Teheran, Purna Warta – Wakil menteri luar negeri Iran mengatakan Ketua Parlemen Mohammad Baqer Qalibaf dan Wakil Presiden AS J.D. Vance akan mewakili pihak masing-masing pada penandatanganan nota kesepahaman antara Iran dan AS di Swiss dalam beberapa hari mendatang.
Berbicara kepada wartawan pada hari Selasa di sela-sela pertemuan antara Menteri Luar Negeri Abbas Araqchi dan para duta besar serta kepala misi luar negeri di Teheran, Majid Takht Ravanchi mengatakan sesi tersebut memberikan kesempatan untuk menjelaskan isi MoU antara Iran dan AS.
Dia mengatakan diskusi selama pertemuan tersebut menyoroti ketentuan terkait penghentian perang dan pendudukan di Lebanon, upaya rekonstruksi, dan kompensasi atas kerusakan.

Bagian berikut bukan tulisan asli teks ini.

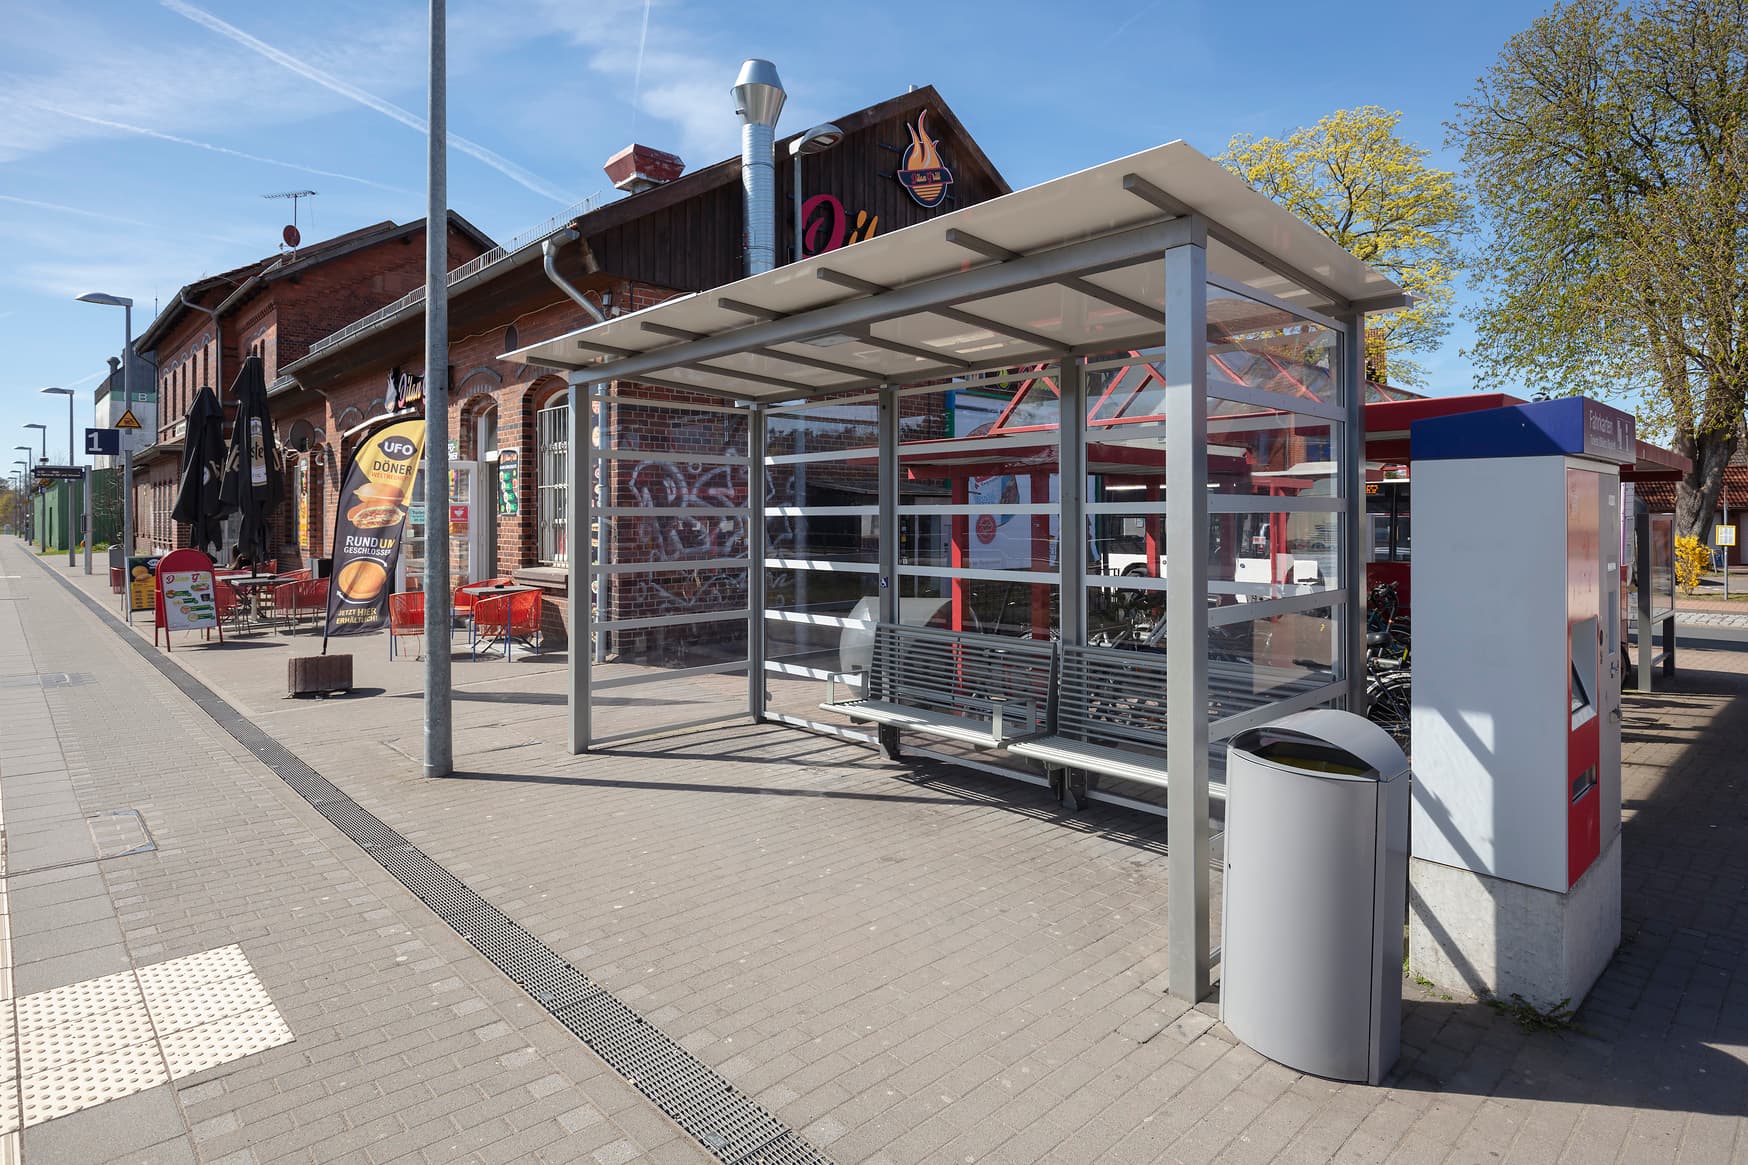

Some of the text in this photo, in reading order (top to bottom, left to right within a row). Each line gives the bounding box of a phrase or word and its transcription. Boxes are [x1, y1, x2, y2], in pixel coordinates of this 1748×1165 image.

[88, 431, 103, 451] 1
[384, 441, 413, 456] UFO
[373, 459, 413, 476] DÖNER
[345, 535, 379, 548] RUND
[356, 607, 377, 617] HIER
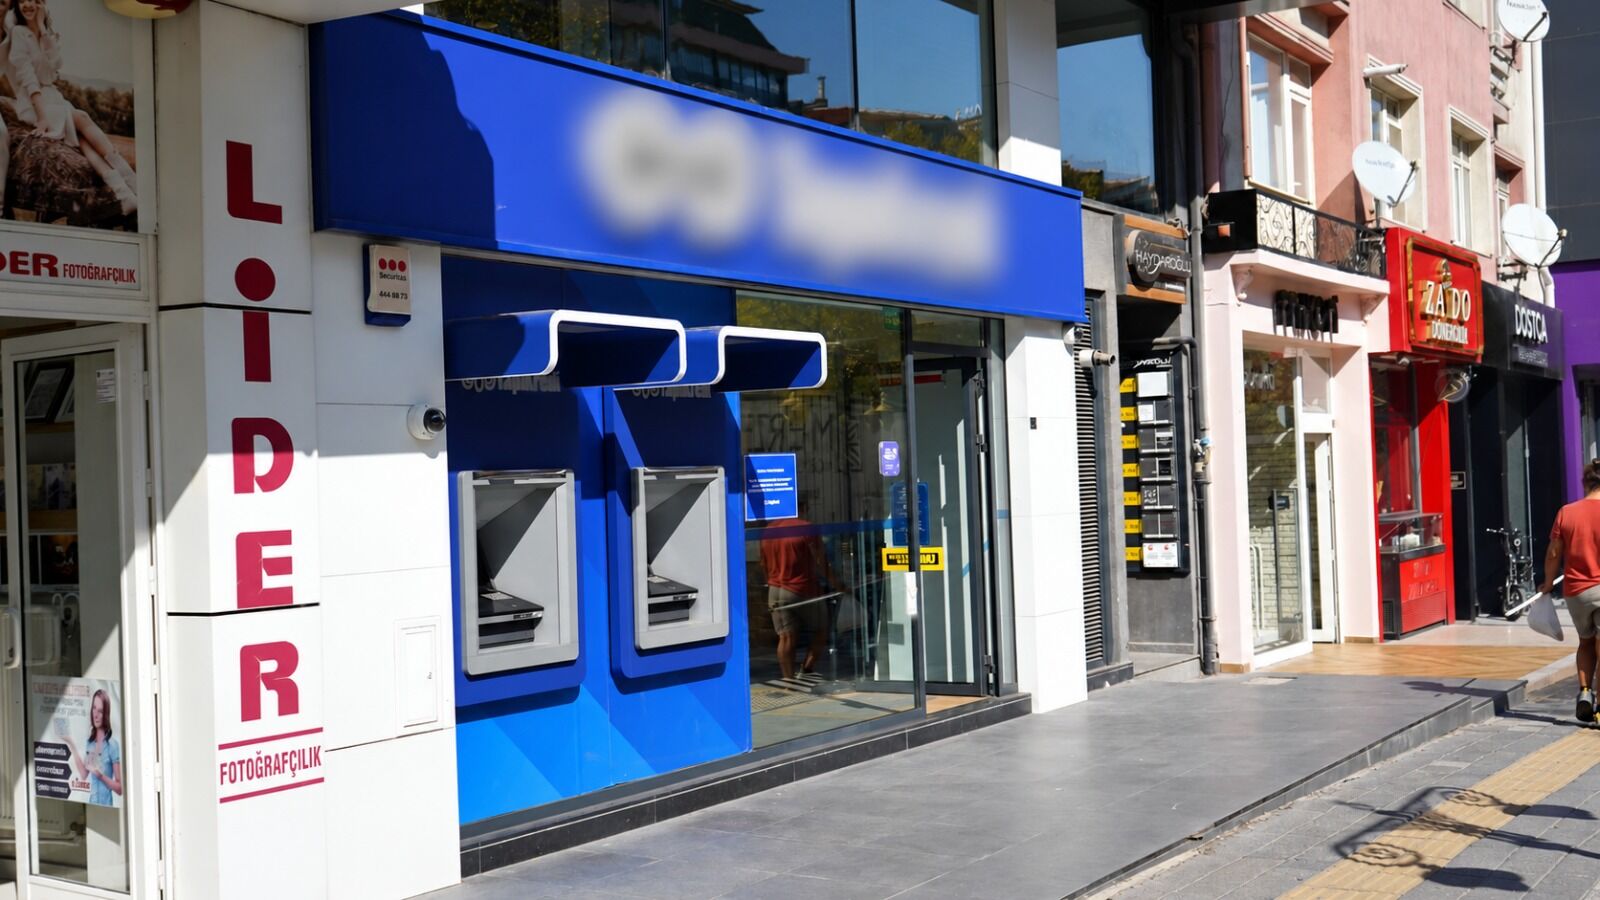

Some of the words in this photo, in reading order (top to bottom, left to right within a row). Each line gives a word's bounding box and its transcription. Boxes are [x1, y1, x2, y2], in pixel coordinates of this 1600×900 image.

[63, 262, 136, 284] FOTOĞRAFÇILIK
[379, 271, 407, 281] Securitas
[1514, 303, 1548, 344] DOSTÇA
[220, 745, 321, 786] FOTOĞRAFÇILIK

Takht Ravanchi juga mengatakan bahwa memorandum tersebut membahas masalah pembekuan aset Iran, yang menurut Teheran telah diblokir secara tidak sah dan diyakini harus dapat diakses kembali.
Menurut wakil menteri luar negeri, perjanjian tersebut juga mencakup ketentuan mengenai Selat Hormuz dan pencabutan blokade, dan menambahkan bahwa pelonggaran pembatasan telah menjadi salah satu tuntutan lama Iran dan telah dimulai sebelum penandatanganan.

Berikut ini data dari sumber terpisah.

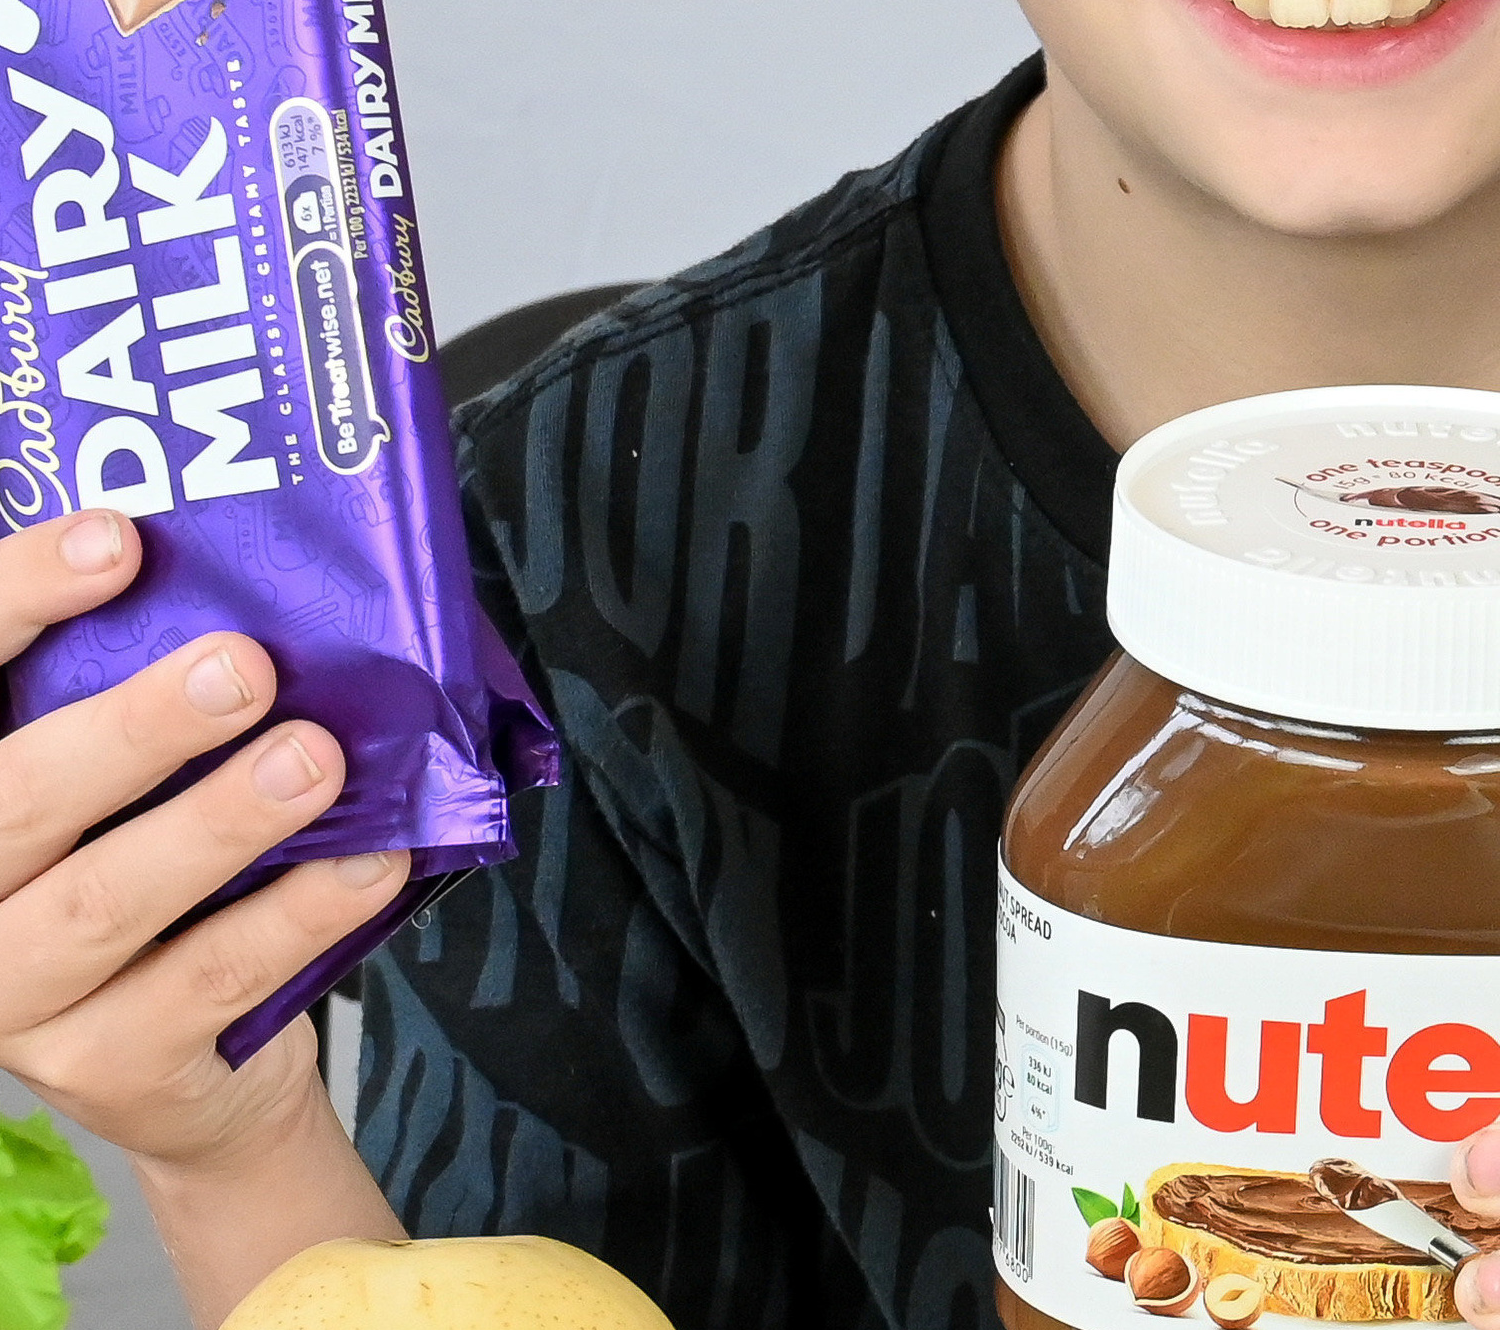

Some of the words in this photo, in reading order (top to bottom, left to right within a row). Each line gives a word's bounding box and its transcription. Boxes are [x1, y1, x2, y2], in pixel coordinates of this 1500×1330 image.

Ia mencatat bahwa Swiss akan menjadi tuan rumah upacara penandatanganan tersebut, meskipun tempat dan format pasti penandatanganannya, termasuk apakah akan dilakukan secara elektronik, belum diselesaikan.
Takht Ravanchi menambahkan bahwa babak baru perundingan akan dimulai segera setelah memorandum ditandatangani, dengan menyebutkan bahwa Qalibaf dan J.D. Vance akan hadir pada acara tersebut.
Dia mengatakan salah satu ketentuan perjanjian tersebut menyerukan diakhirinya operasi militer di semua lini, termasuk Lebanon, dan menyatakan bahwa AS telah berkomitmen untuk memastikan penghentian permusuhan.
Dia juga mencatat bahwa perundingan pasca-penandatanganan akan bergerak ke arah isu-isu terkait nuklir, termasuk pengayaan, cadangan nuklir, dan persyaratan nuklir Iran di masa depan, meskipun diskusi rinci mengenai hal-hal tersebut belum dimulai.